MiRus today said it received FDA 510(k) clearance for its IO expandable lumbar interbody.
Marietta, Georgia-based MiRus designed the expandable lumbar interbody to be used in PLIF and TLIF procedures. It has a low insertion profile at 4 mm, an expansion of 18 mm and a 24º lordosis.
“The FDA approval of the IO expandable lumbar interbody is a breakthrough for surgeons and patients wishing truly less invasive spine surgery,” founder and CEO Jay Yadav said in a news release. “It also marks a significant milestone in our development of complex rhenium-based medical implants.”

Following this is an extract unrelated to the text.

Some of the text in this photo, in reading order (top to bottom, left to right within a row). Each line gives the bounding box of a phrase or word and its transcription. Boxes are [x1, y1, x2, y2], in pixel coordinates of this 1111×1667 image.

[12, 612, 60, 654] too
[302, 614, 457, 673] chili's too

The one-step expandable implant allows for 2.5cc of biologic to be post-packed in the intervertebral space. It also allows for minimization of insertion height and maximization of expansion height, lordosis to make it easier for surgeons to restore lordosis, maintain sagittal balance and reduce insertion and related neural injury challenges, according to the company.

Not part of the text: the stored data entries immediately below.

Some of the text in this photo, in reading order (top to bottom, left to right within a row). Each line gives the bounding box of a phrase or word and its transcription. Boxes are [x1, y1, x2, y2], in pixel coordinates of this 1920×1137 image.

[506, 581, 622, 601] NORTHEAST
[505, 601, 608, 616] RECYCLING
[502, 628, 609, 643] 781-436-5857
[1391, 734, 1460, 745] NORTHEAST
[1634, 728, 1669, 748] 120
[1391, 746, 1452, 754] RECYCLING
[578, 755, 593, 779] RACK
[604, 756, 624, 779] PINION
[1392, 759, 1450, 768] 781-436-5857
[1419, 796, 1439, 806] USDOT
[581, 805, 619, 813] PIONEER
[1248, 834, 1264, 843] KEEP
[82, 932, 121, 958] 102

“IO continues the MiRus philosophy of using the MoRe superalloy to create implants that objectively exceed the specifications of the existing market-leading products; this delivers immense value to surgeons and patient care. The expandable interbody market is saturated with pedestrian implants that are limited by the mechanical and biological properties of titanium and cobalt-chromium, compromising usability as well as performance,” chief commercial officer Mahesh Krishnan said. “The upcoming launch of the IO Expandable Lumbar Interbody will meet the significant demand of our surgeons and distribution channels who have long anticipated a lower profile and best-in-class expandable interbody. We are also excited to be working with leading surgeons to expand our portfolio with lateral expandable, TLIF curved expandable, ALIF expandable and expandable corpectomy cages, all built on the MoRe expansion engine.”
IO is cleared for use in skeletally mature patients with degenerative disc disease at one or two contiguous levels from L1-L2 to L5-S1.